··· Records supplied
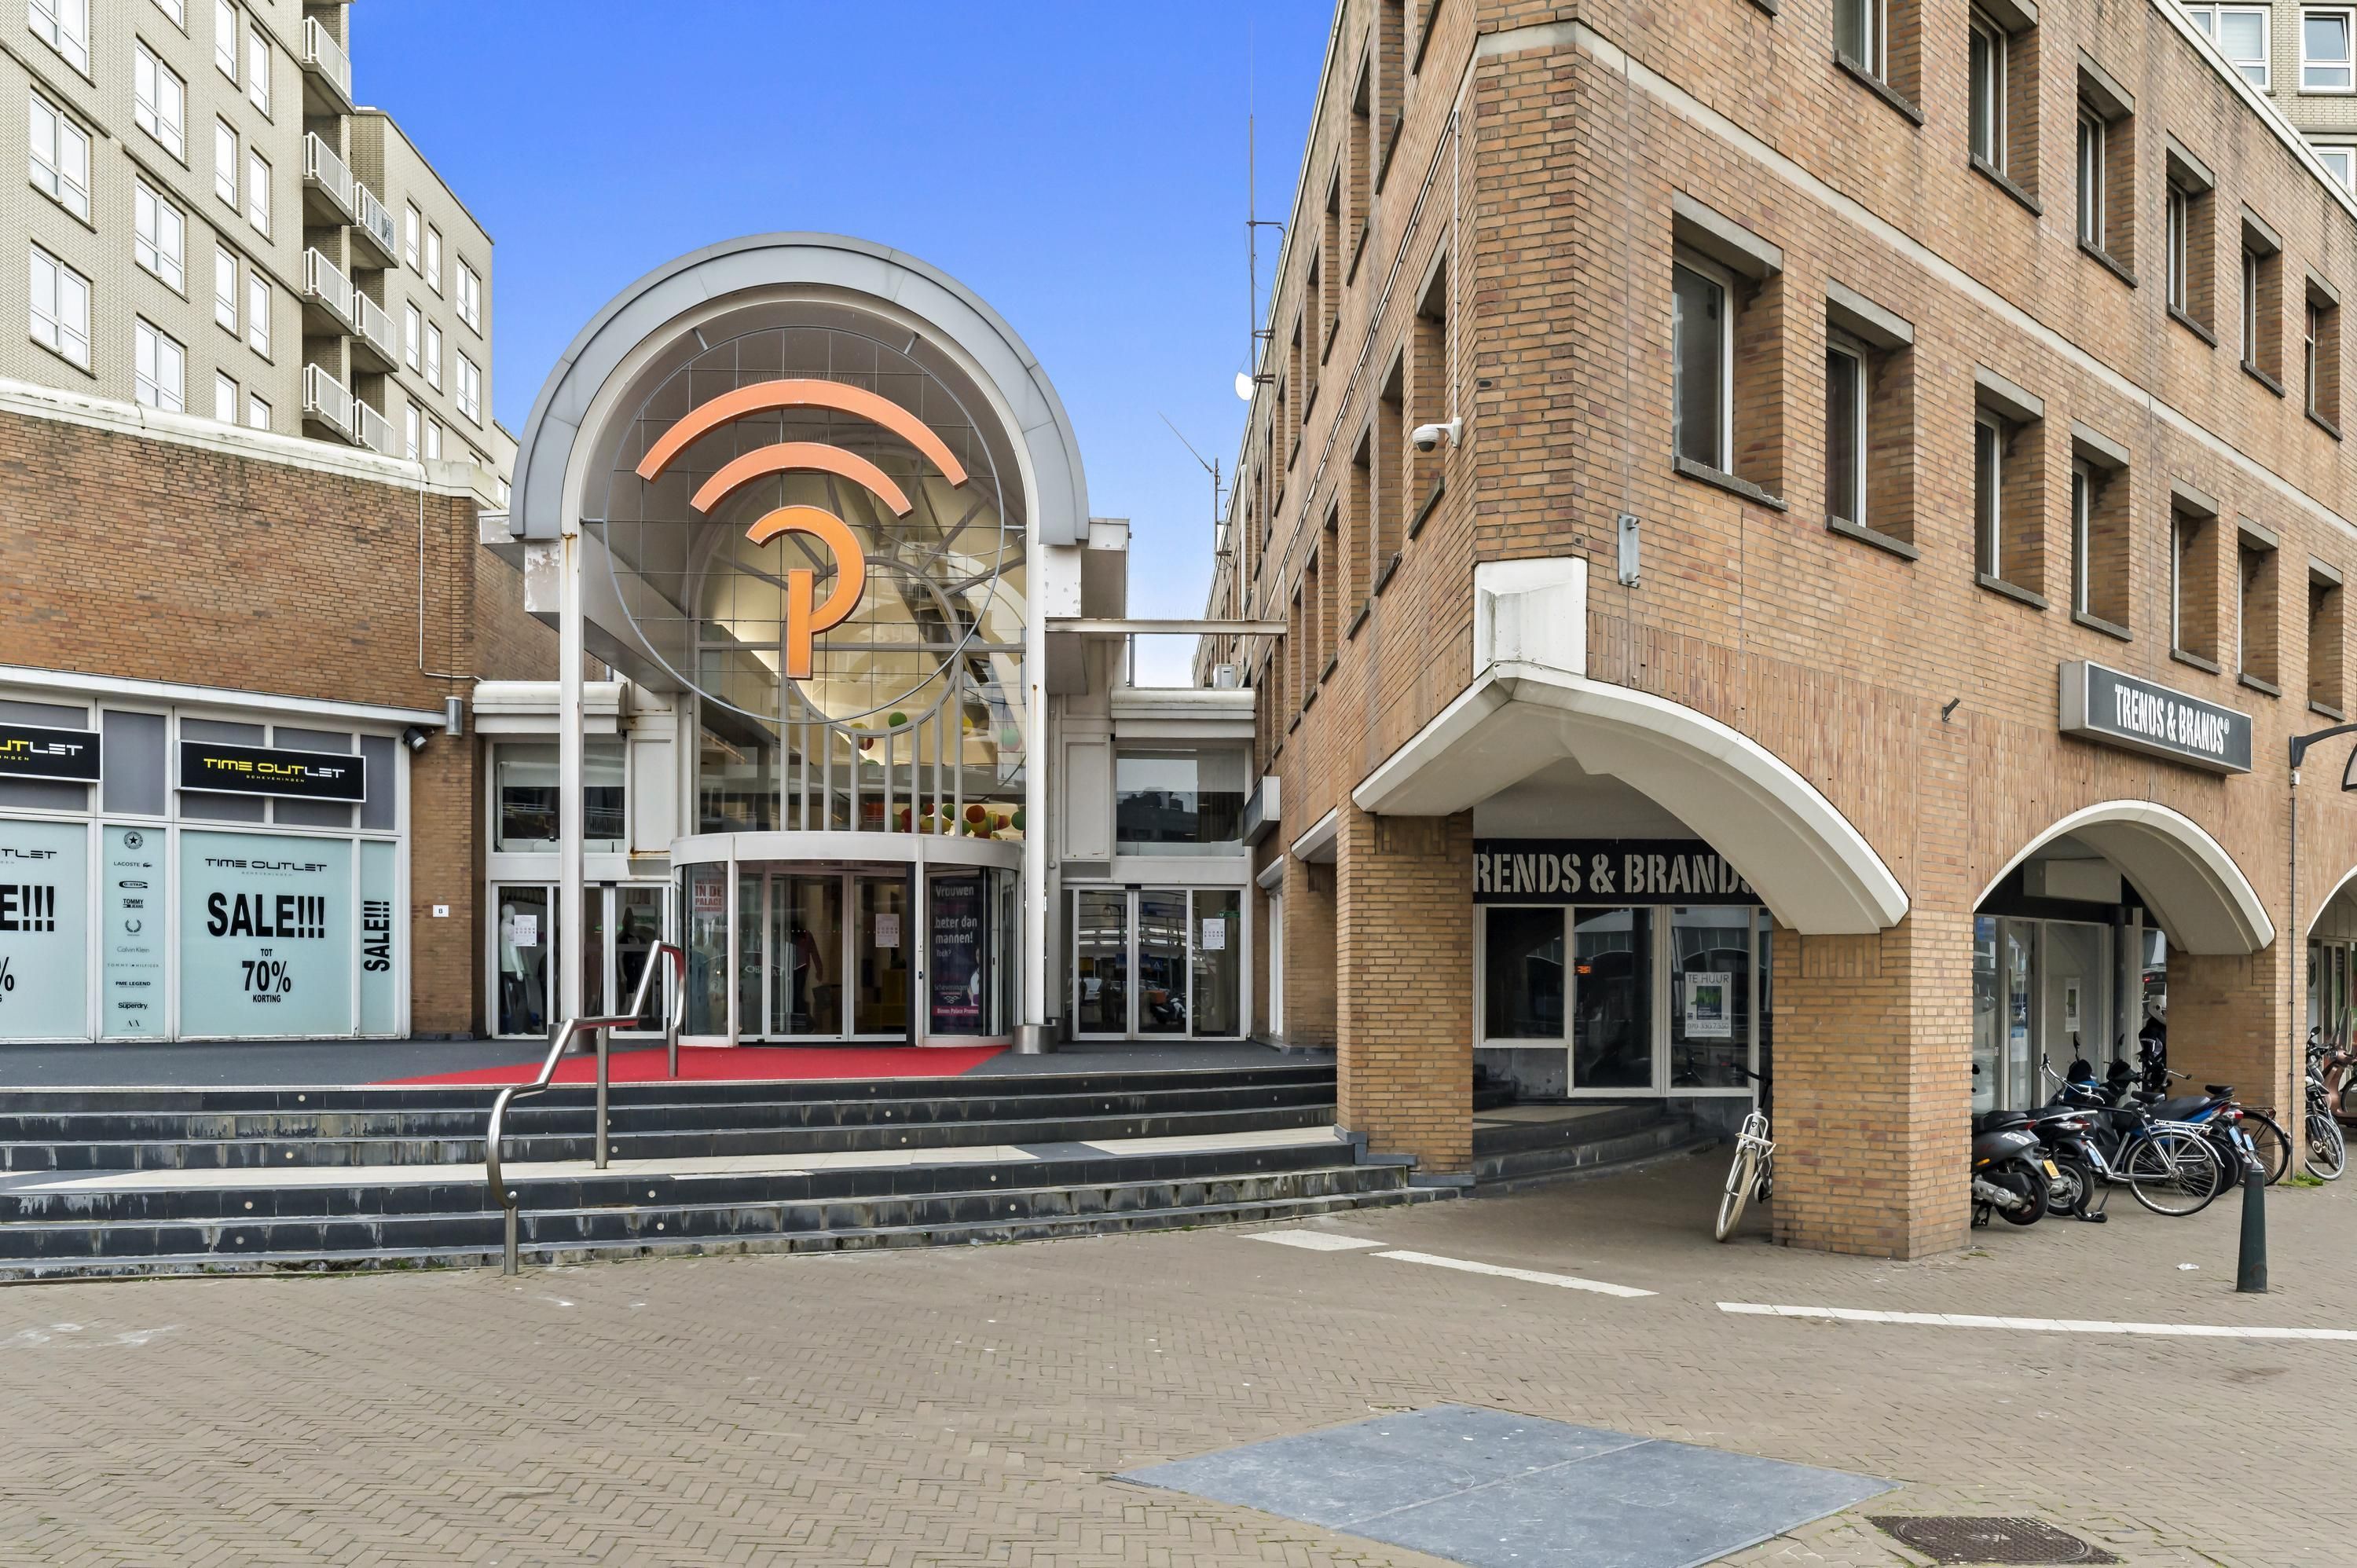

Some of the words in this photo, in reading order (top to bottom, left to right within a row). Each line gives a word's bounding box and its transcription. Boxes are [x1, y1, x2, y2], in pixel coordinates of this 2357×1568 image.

[2115, 683, 2165, 738] TRENDS
[2167, 701, 2177, 742] &
[203, 758, 253, 771] TIME
[258, 763, 345, 779] OUTLET
[205, 858, 247, 868] TIME
[251, 861, 327, 872] OUTLET
[1589, 854, 1616, 893] &
[935, 885, 974, 896] Vrouwen
[207, 892, 324, 939] SALE!!!
[935, 916, 959, 928] beter
[961, 915, 977, 927] dan
[364, 900, 390, 972] SALE!!!
[936, 932, 973, 943] mannen!
[260, 948, 273, 957] TOT
[242, 960, 291, 993] 70%
[1688, 974, 1697, 983] TE
[1702, 974, 1729, 983] HUUR
[252, 995, 281, 1003] KORTING
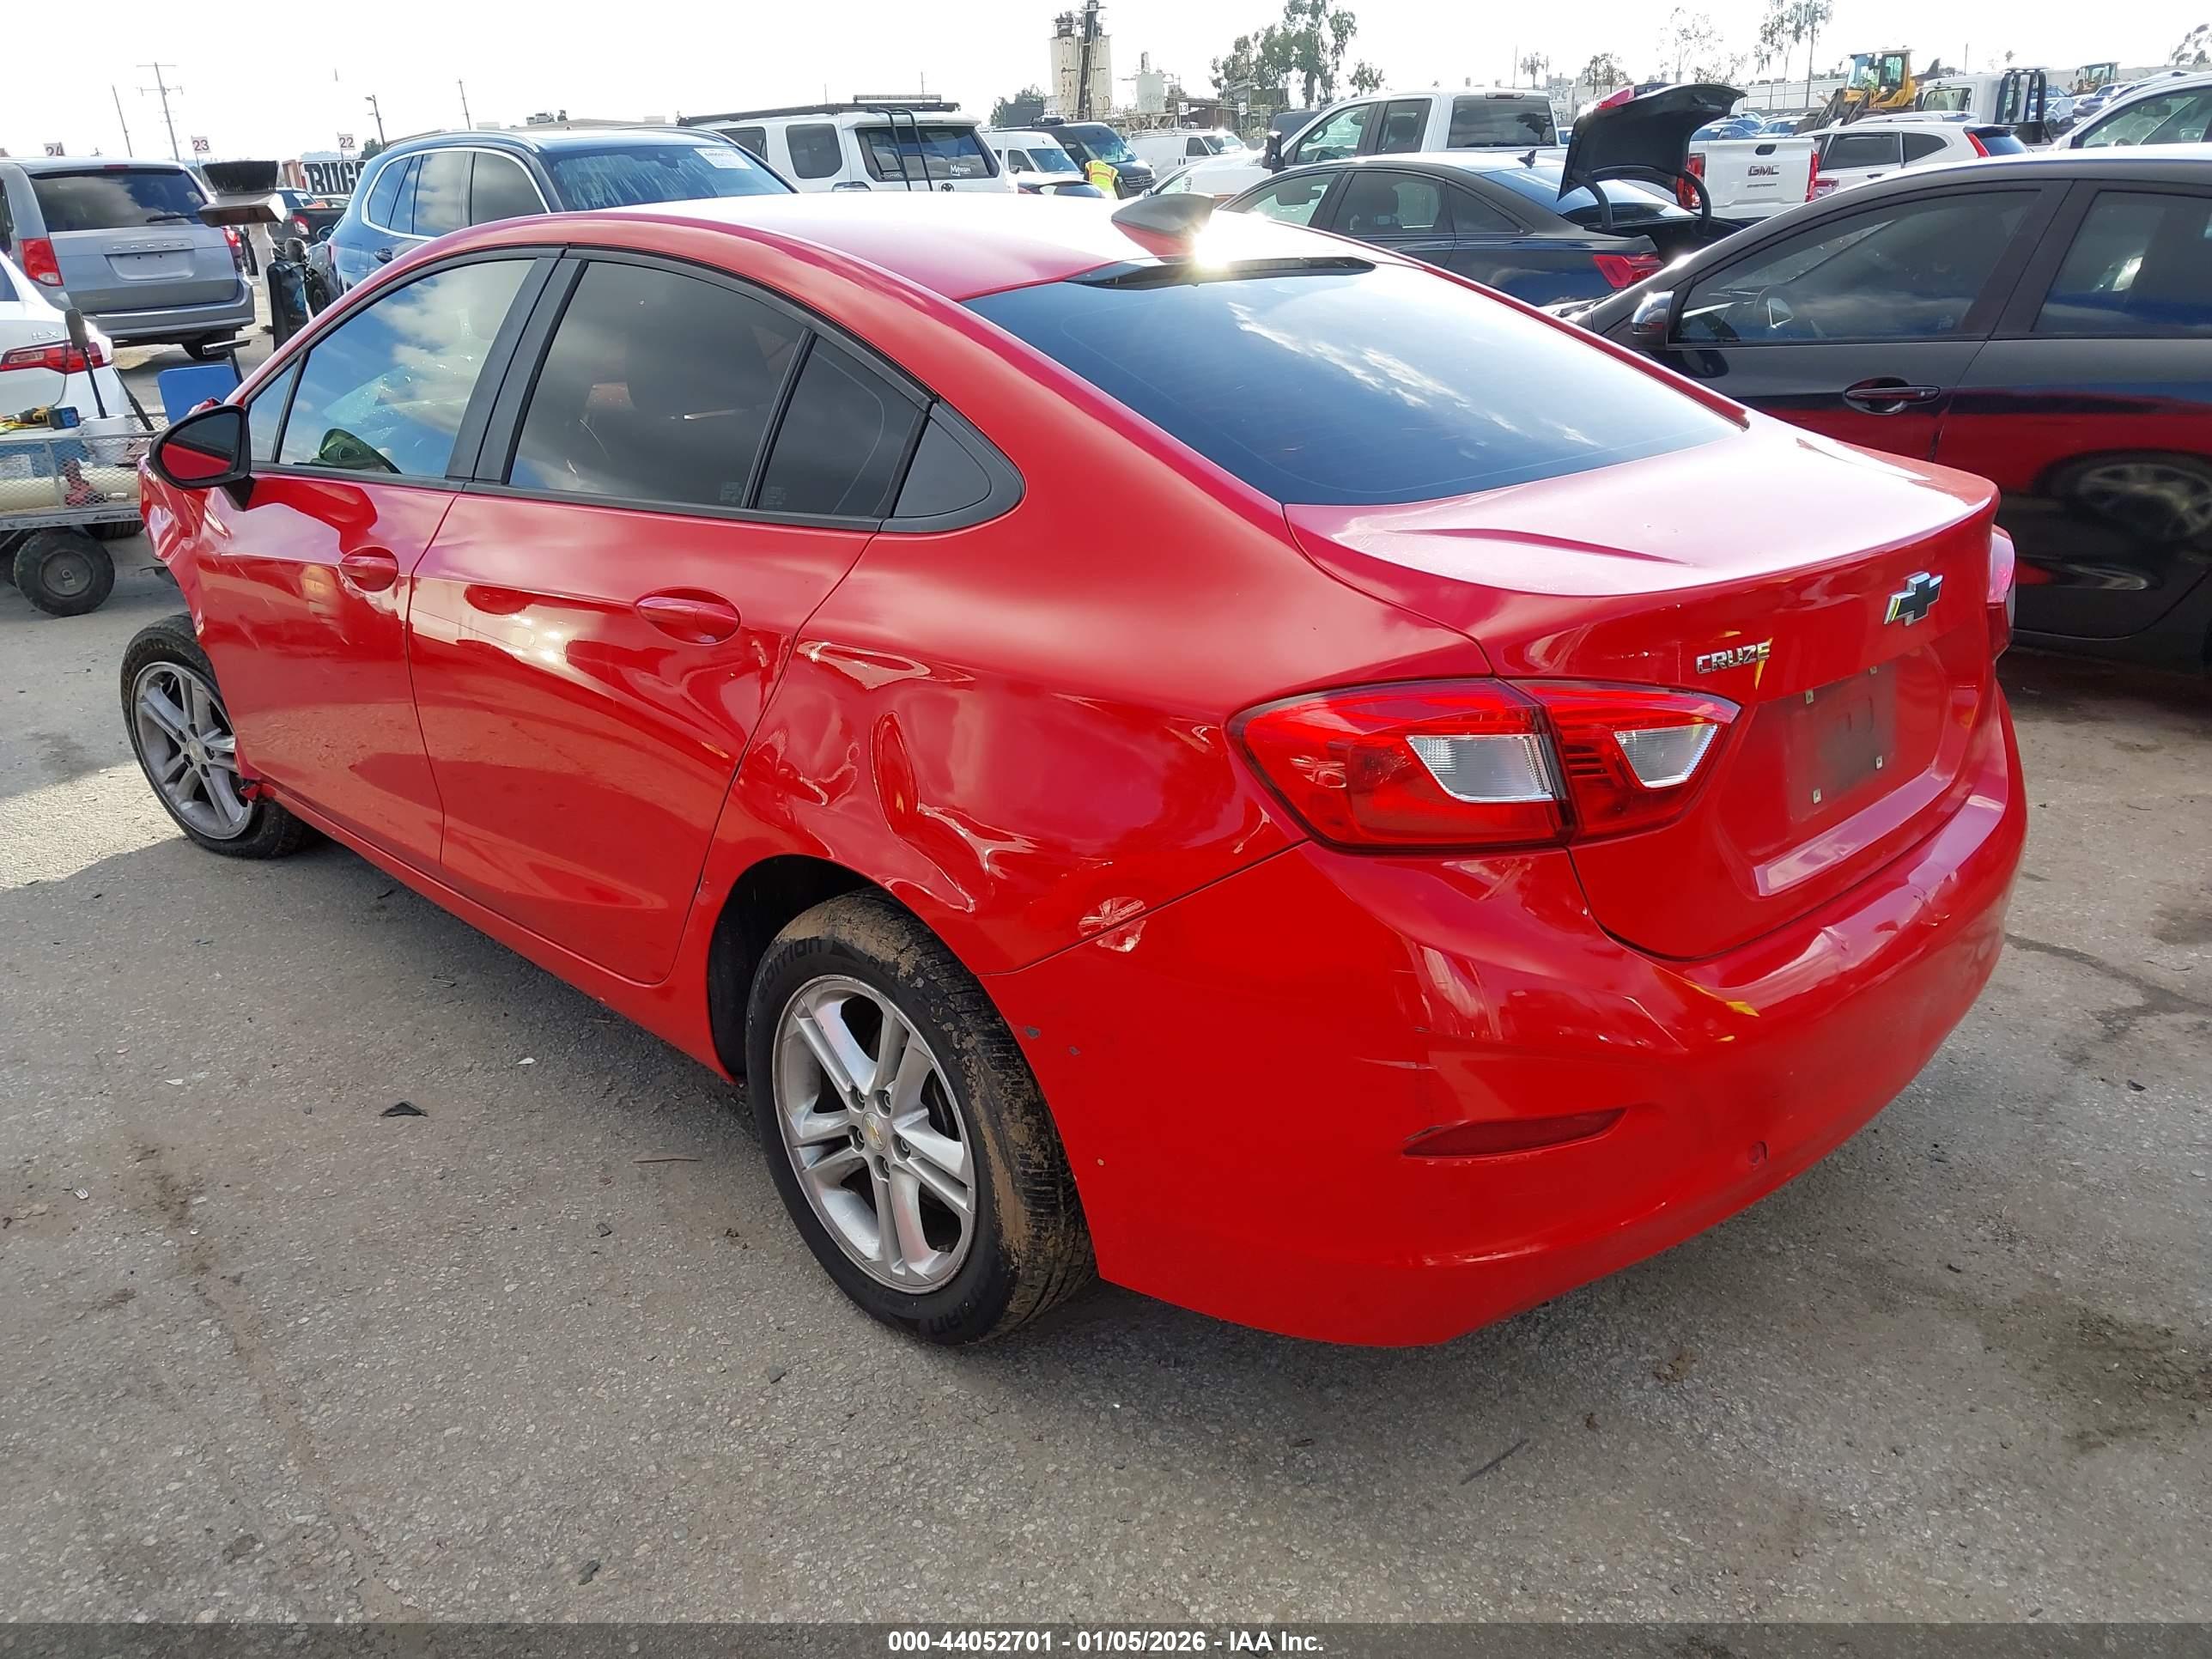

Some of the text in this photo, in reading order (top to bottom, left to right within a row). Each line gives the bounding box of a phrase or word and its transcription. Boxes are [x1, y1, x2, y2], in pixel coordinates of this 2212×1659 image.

[1180, 104, 1188, 112] 13
[192, 139, 210, 151] 23
[338, 137, 355, 149] 22
[46, 146, 66, 157] 24
[1747, 164, 1780, 177] GMC
[31, 331, 58, 340] ILX
[1696, 641, 1771, 674] CRUZE
······
_Problem details_
All records above are to be repeated exactly, with the images left out.

_Answer to this problem_
Some of the words in this photo, in reading order (top to bottom, left to right within a row). Each line gives a word's bounding box and its transcription. Boxes are [x1, y1, x2, y2], in pixel coordinates of this 2357×1568 image.

[2115, 683, 2165, 738] TRENDS
[2167, 701, 2177, 742] &
[203, 758, 253, 771] TIME
[258, 763, 345, 779] OUTLET
[205, 858, 247, 868] TIME
[251, 861, 327, 872] OUTLET
[1589, 854, 1616, 893] &
[935, 885, 974, 896] Vrouwen
[207, 892, 324, 939] SALE!!!
[935, 916, 959, 928] beter
[961, 915, 977, 927] dan
[364, 900, 390, 972] SALE!!!
[936, 932, 973, 943] mannen!
[260, 948, 273, 957] TOT
[242, 960, 291, 993] 70%
[1688, 974, 1697, 983] TE
[1702, 974, 1729, 983] HUUR
[252, 995, 281, 1003] KORTING

Some of the text in this photo, in reading order (top to bottom, left to right within a row). Each line gives the bounding box of a phrase or word and its transcription. Boxes are [x1, y1, x2, y2], in pixel coordinates of this 2212×1659 image.

[1180, 104, 1188, 112] 13
[192, 139, 210, 151] 23
[338, 137, 355, 149] 22
[46, 146, 66, 157] 24
[1747, 164, 1780, 177] GMC
[31, 331, 58, 340] ILX
[1696, 641, 1771, 674] CRUZE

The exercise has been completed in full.